Task instructions:
Copy every record exactly, leaving the pictures out.

>>>>>

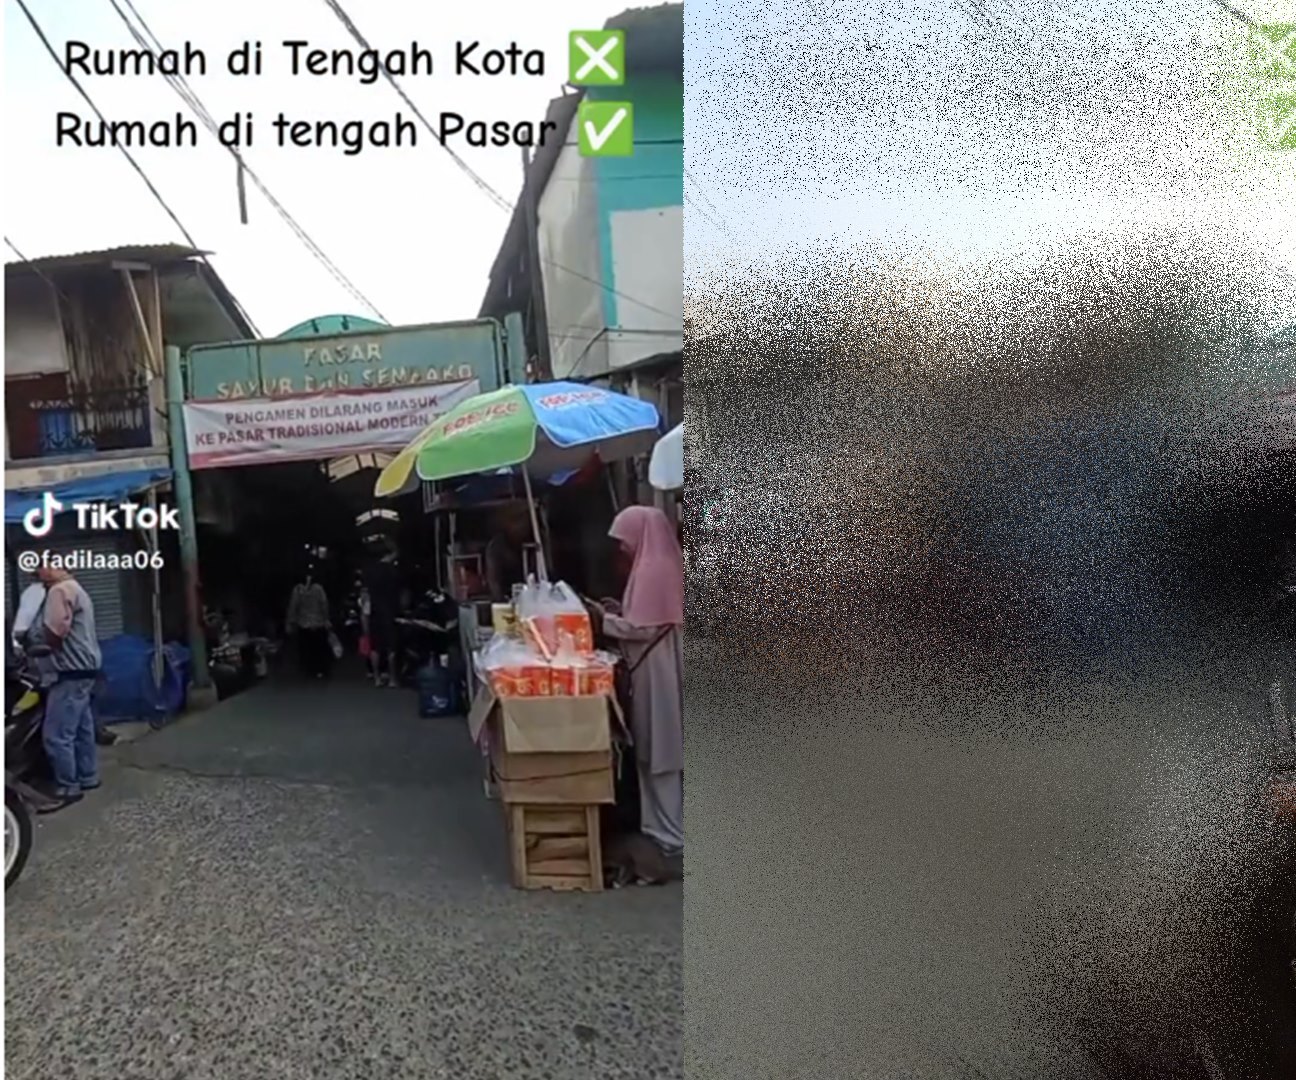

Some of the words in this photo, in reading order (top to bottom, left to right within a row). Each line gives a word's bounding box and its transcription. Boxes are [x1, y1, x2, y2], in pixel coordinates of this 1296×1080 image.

[225, 406, 305, 424] PENGAMEN
[310, 400, 382, 418] DILARANG
[387, 395, 438, 411] MASUK
[195, 430, 215, 446] KE
[218, 427, 265, 444] PASAR
[268, 420, 364, 440] TRADISIONAL
[368, 413, 428, 431] MODERN
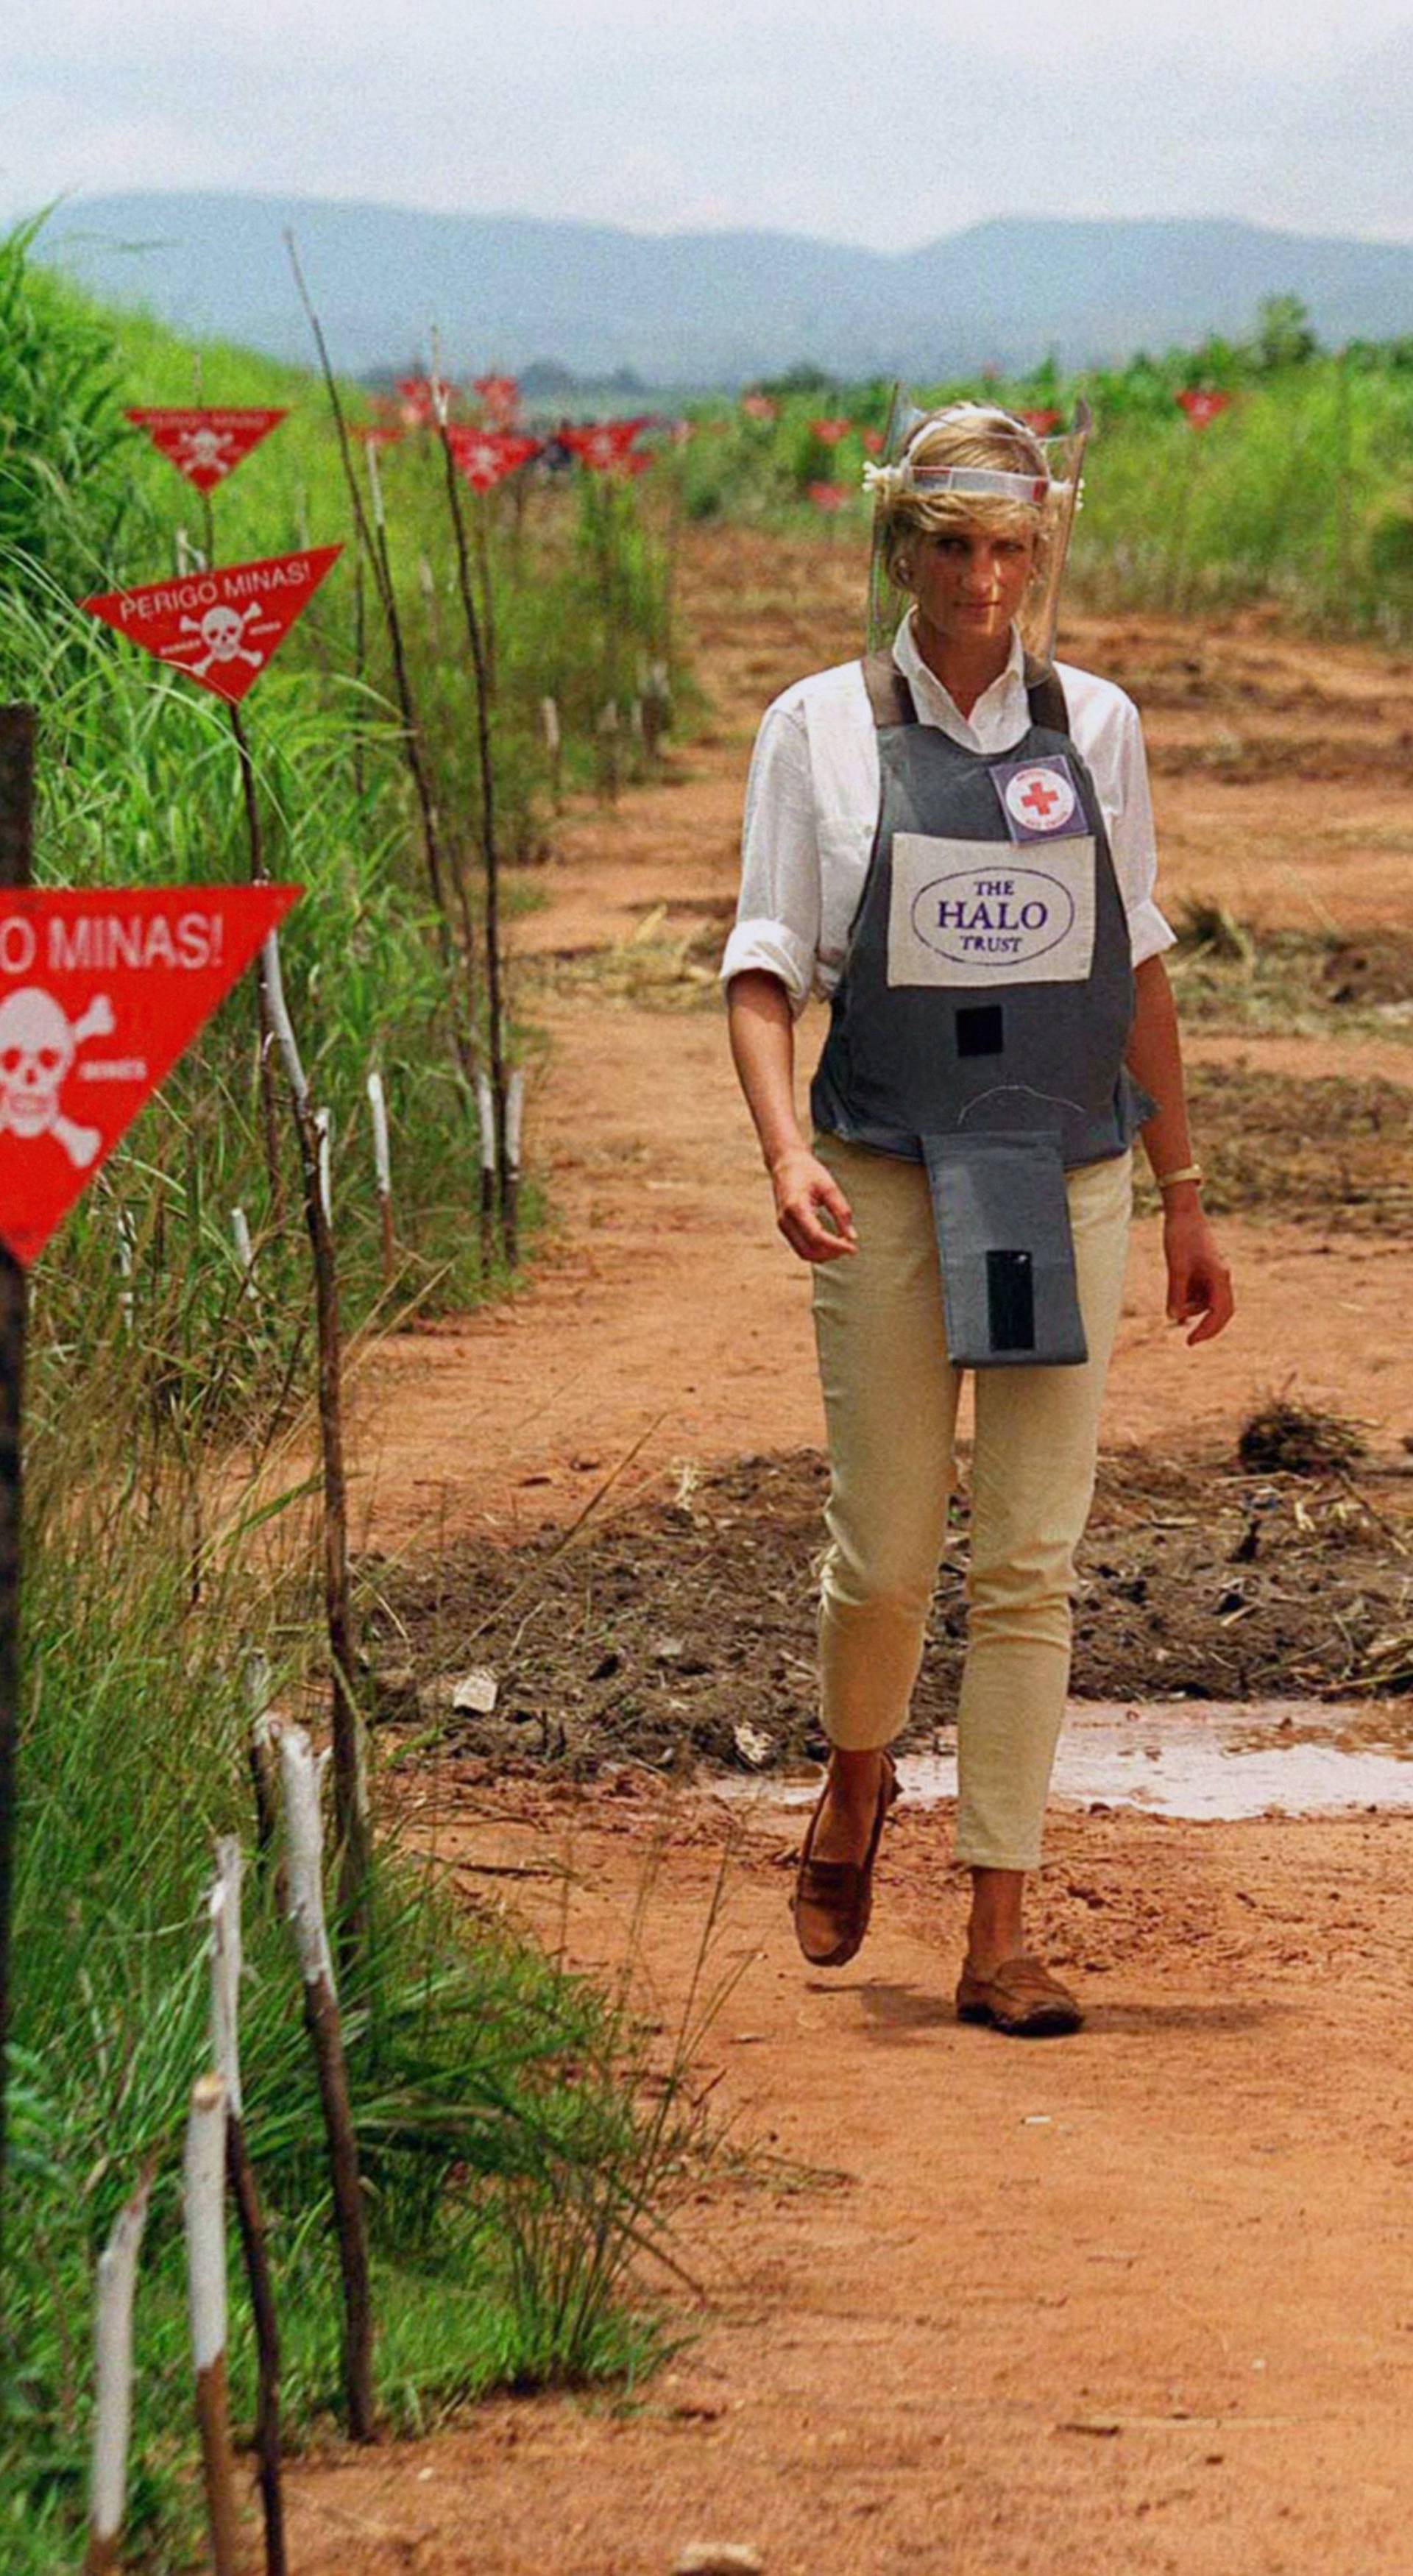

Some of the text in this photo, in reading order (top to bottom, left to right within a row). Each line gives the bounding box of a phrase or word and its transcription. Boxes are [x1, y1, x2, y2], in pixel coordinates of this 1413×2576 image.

[120, 560, 311, 622] PERIGO MINAS!
[974, 880, 1015, 896] THE
[937, 900, 1047, 930] HALO
[49, 912, 224, 970] MINAS!
[960, 935, 1022, 952] TRUST
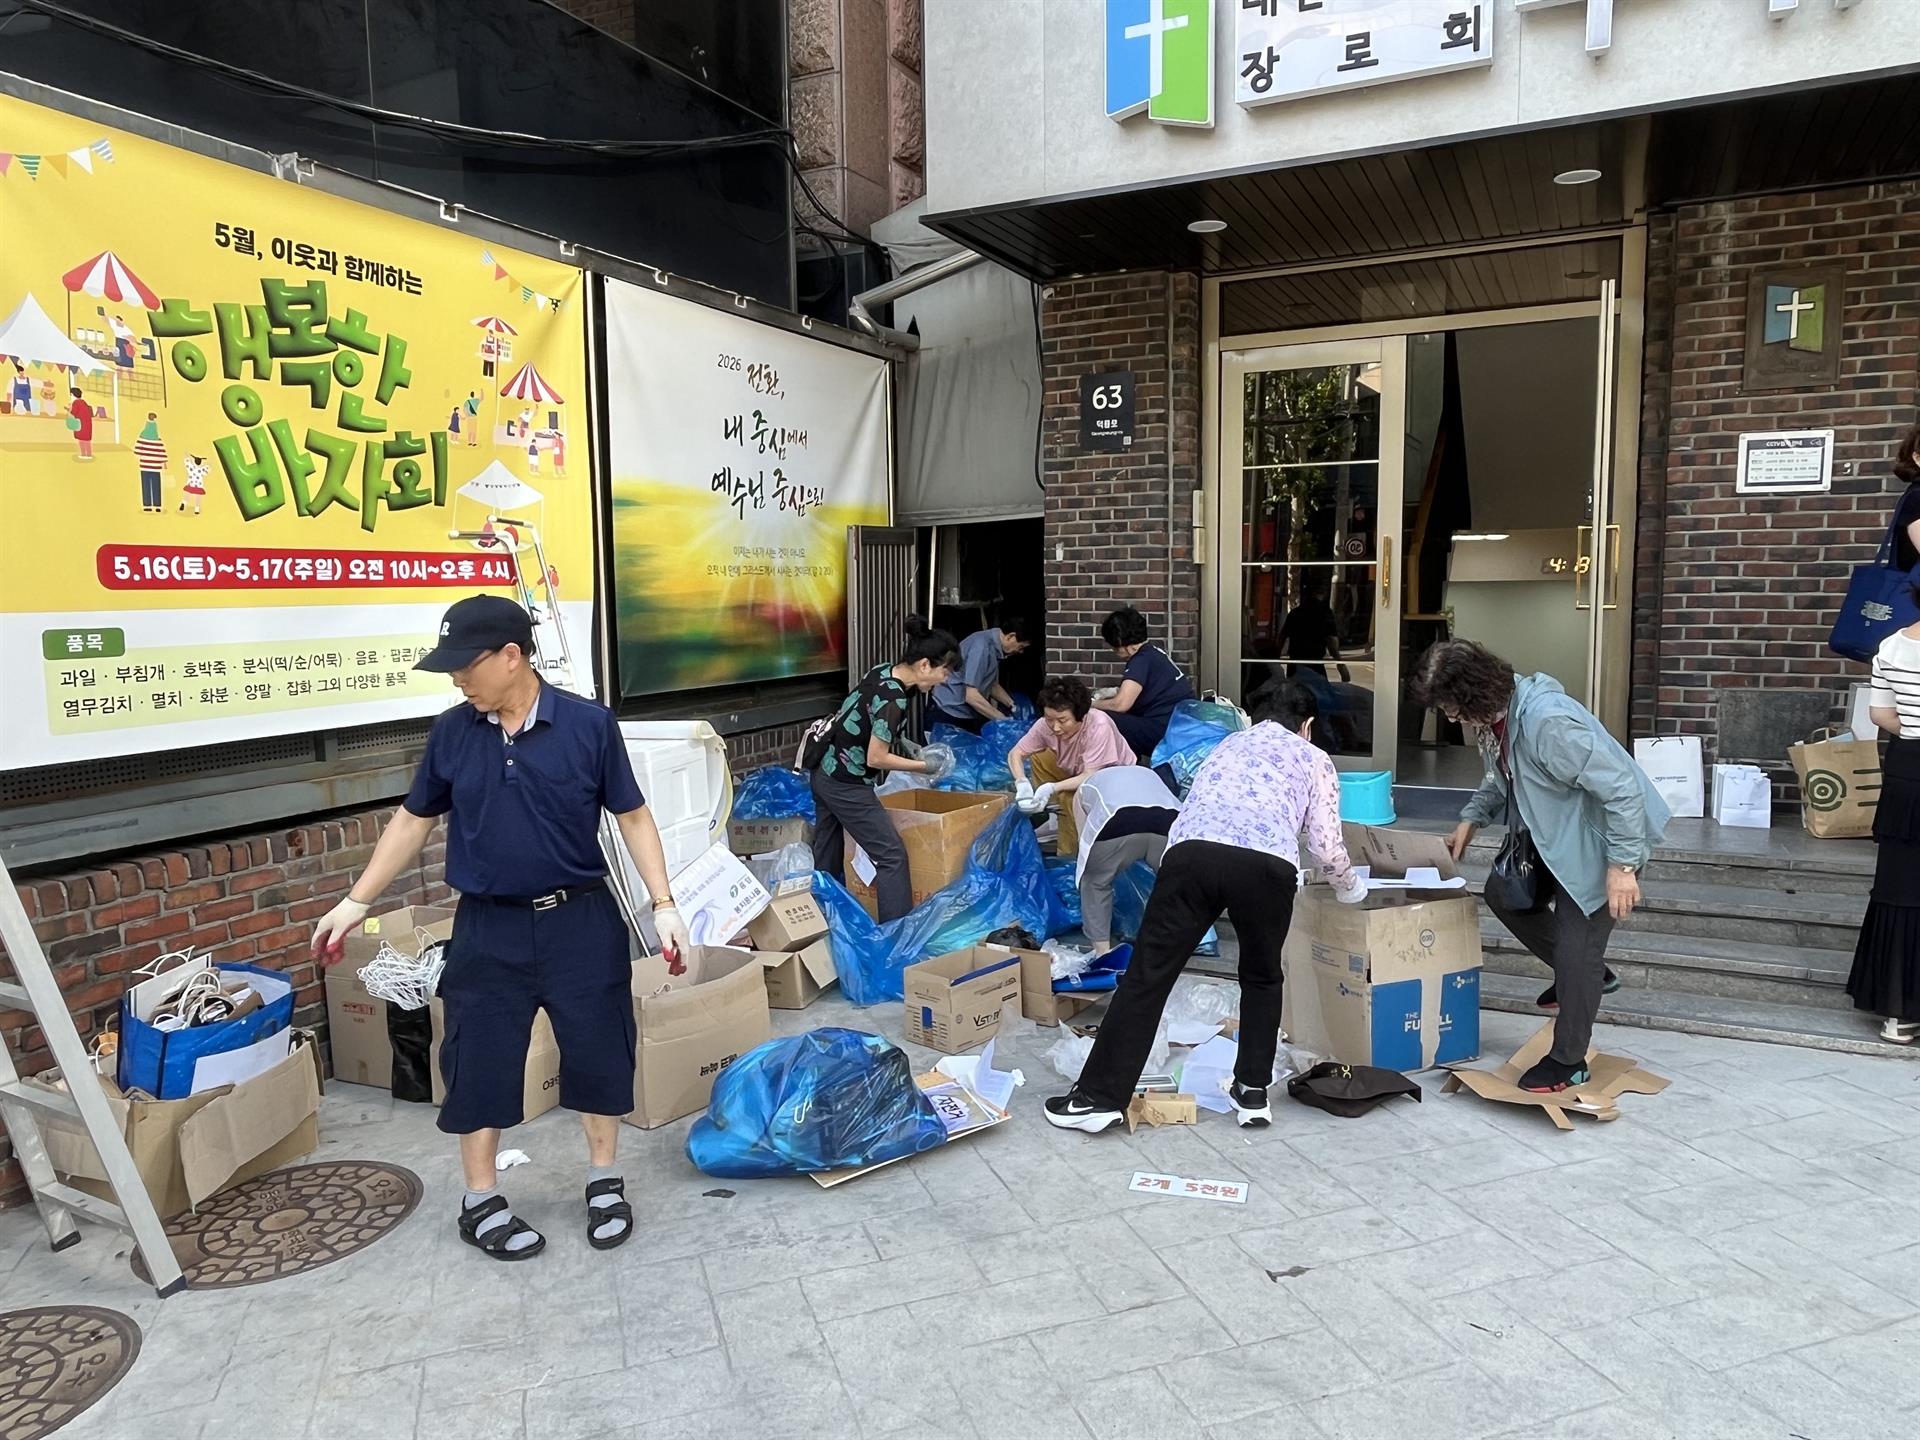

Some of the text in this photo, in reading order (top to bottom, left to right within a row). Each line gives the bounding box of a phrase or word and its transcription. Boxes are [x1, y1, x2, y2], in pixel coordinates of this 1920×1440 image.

<<<<<

Solution:
Some of the words in this photo, in reading order (top to bottom, left to right within a row). Each line gives a word's bounding box and its transcription. Boxes are [x1, y1, x2, y2], in pixel coordinates of this 1296×1080 image.

[225, 406, 305, 424] PENGAMEN
[310, 400, 382, 418] DILARANG
[387, 395, 438, 411] MASUK
[195, 430, 215, 446] KE
[218, 427, 265, 444] PASAR
[268, 420, 364, 440] TRADISIONAL
[368, 413, 428, 431] MODERN

Some of the text in this photo, in reading order (top to bottom, left to right within a row). Each line gives the bounding box of a phrase or word and its transcription. Boxes are [x1, y1, x2, y2], in pixel coordinates of this 1413×2576 image.

[120, 560, 311, 622] PERIGO MINAS!
[974, 880, 1015, 896] THE
[937, 900, 1047, 930] HALO
[49, 912, 224, 970] MINAS!
[960, 935, 1022, 952] TRUST

Some of the text in this photo, in reading order (top to bottom, left to right within a row). Each line gives the bounding box of a phrase or word and its transcription. Boxes are [x1, y1, x2, y2], in pixel coordinates of this 1920×1440 image.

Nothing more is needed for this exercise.